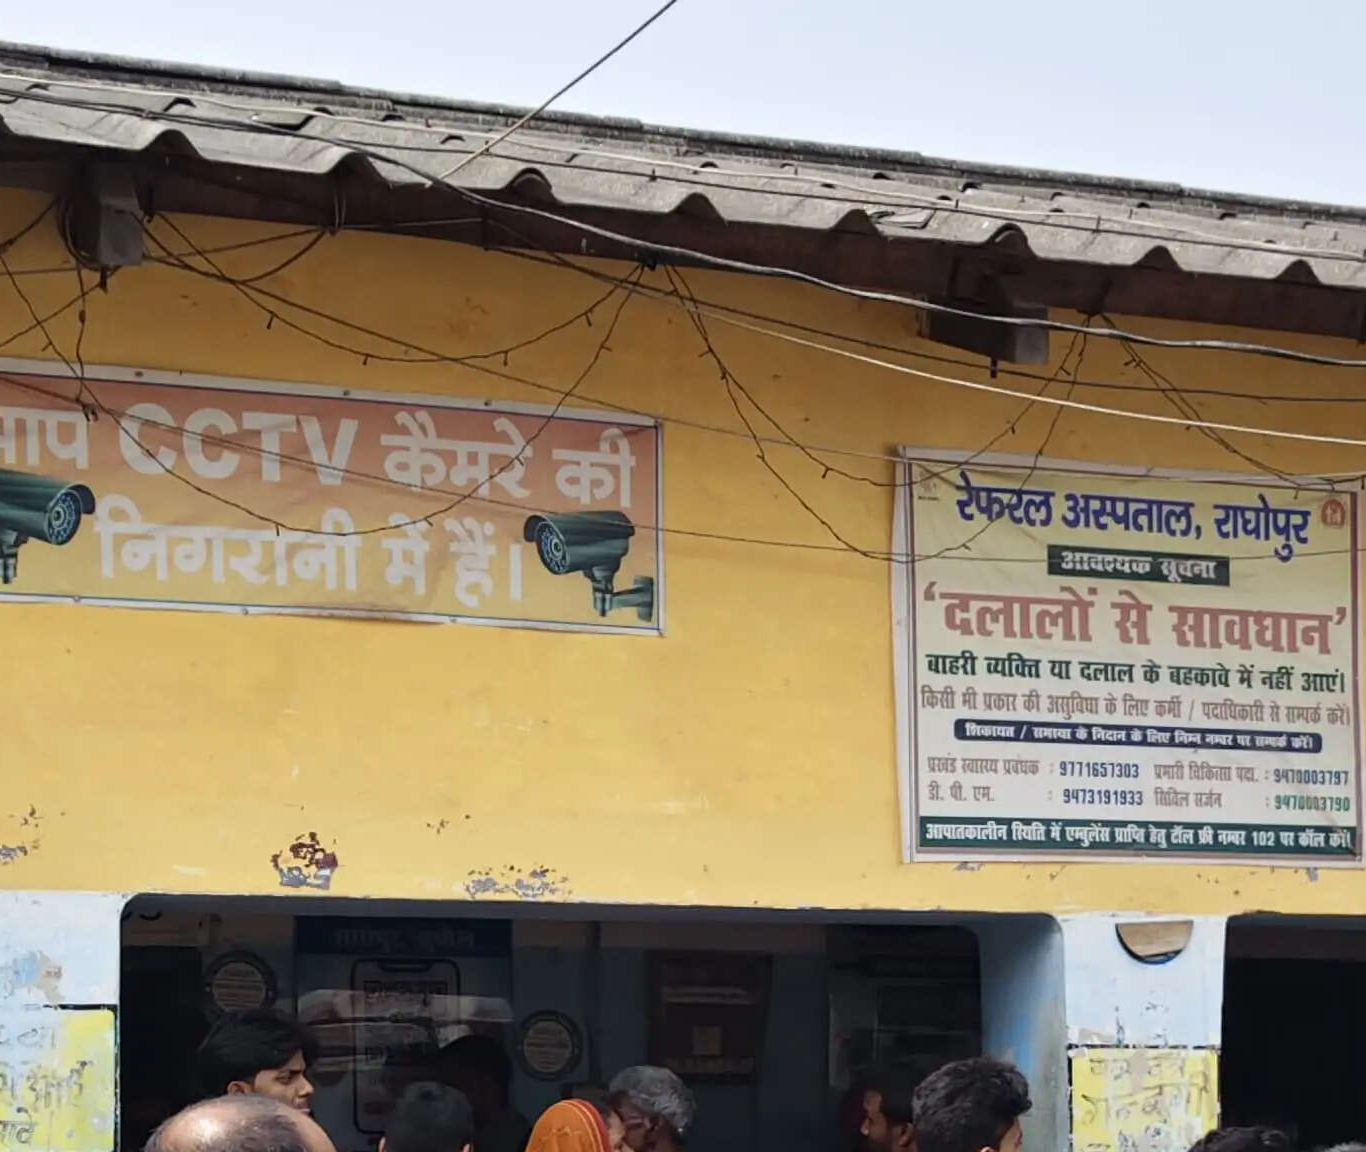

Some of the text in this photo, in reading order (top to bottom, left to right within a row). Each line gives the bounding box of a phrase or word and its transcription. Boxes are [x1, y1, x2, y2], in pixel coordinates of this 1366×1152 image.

[119, 403, 359, 486] CCTV
[380, 410, 532, 498] कैमरे
[552, 427, 635, 507] की
[956, 471, 1311, 562] रेफरल अस्पताल, राघोपुर
[94, 493, 360, 592] निगरानी
[383, 511, 430, 595] में
[1061, 551, 1217, 582] आवश्यक सूचना
[1110, 590, 1152, 645] से
[984, 652, 1041, 678] व्यक्ति
[1048, 660, 1071, 679] या
[1078, 660, 1134, 683] दलाल
[1141, 659, 1161, 684] के
[1168, 662, 1230, 687] बहकावे
[1237, 664, 1255, 689] में
[1260, 666, 1295, 690] नहीं
[921, 685, 955, 709] किसी
[962, 686, 977, 709] भी
[983, 692, 1017, 712] प्रकार
[1022, 689, 1040, 713] की
[1104, 693, 1117, 715] के
[1123, 693, 1149, 717] लिए
[1269, 700, 1281, 723] से
[1251, 831, 1275, 847] 102
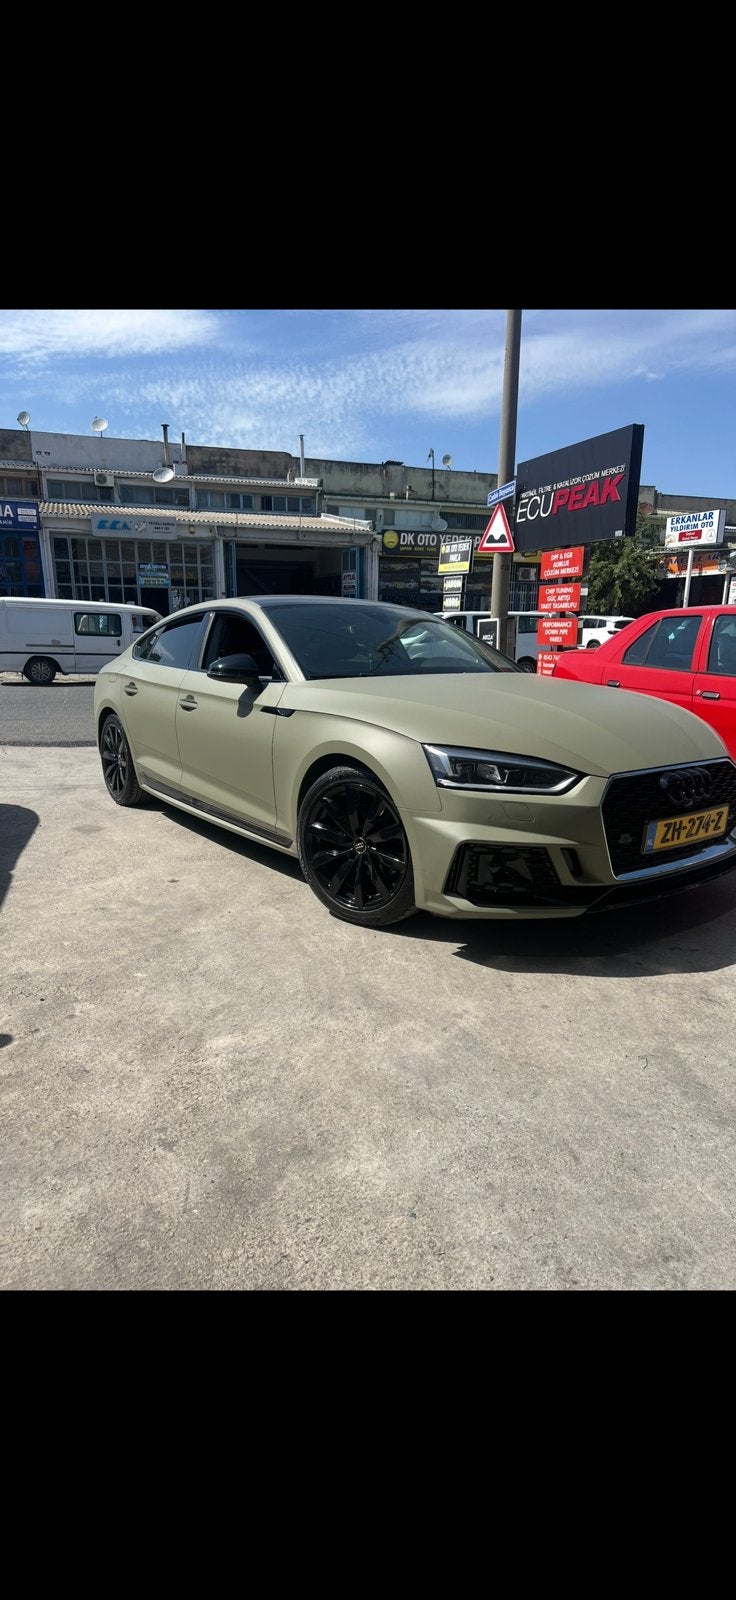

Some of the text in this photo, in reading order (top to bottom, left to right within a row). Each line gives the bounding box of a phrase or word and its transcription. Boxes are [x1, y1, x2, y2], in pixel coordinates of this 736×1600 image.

[671, 512, 714, 525] ERKANLAR
[670, 523, 699, 532] YILDIRIM
[400, 533, 415, 545] DK
[418, 534, 437, 546] OTO
[661, 811, 724, 844] ZH-274-Z
● ● ● ●
Please give all of the material again, exactly, without the images.

### YOUR SOLUTION:
Some of the text in this photo, in reading order (top to bottom, left to right within a row). Each line gives the bounding box of a phrase or word and its transcription. Boxes are [x1, y1, x2, y2], in pixel coordinates of this 1366×1152 image.

[119, 403, 359, 486] CCTV
[380, 410, 532, 498] कैमरे
[552, 427, 635, 507] की
[956, 471, 1311, 562] रेफरल अस्पताल, राघोपुर
[94, 493, 360, 592] निगरानी
[383, 511, 430, 595] में
[1061, 551, 1217, 582] आवश्यक सूचना
[1110, 590, 1152, 645] से
[984, 652, 1041, 678] व्यक्ति
[1048, 660, 1071, 679] या
[1078, 660, 1134, 683] दलाल
[1141, 659, 1161, 684] के
[1168, 662, 1230, 687] बहकावे
[1237, 664, 1255, 689] में
[1260, 666, 1295, 690] नहीं
[921, 685, 955, 709] किसी
[962, 686, 977, 709] भी
[983, 692, 1017, 712] प्रकार
[1022, 689, 1040, 713] की
[1104, 693, 1117, 715] के
[1123, 693, 1149, 717] लिए
[1269, 700, 1281, 723] से
[1251, 831, 1275, 847] 102

Some of the text in this photo, in reading order (top to bottom, left to right within a row). Each line gives the bounding box of a phrase or word and its transcription. Boxes are [x1, y1, x2, y2], in pixel coordinates of this 736×1600 image.

[671, 512, 714, 525] ERKANLAR
[670, 523, 699, 532] YILDIRIM
[400, 533, 415, 545] DK
[418, 534, 437, 546] OTO
[661, 811, 724, 844] ZH-274-Z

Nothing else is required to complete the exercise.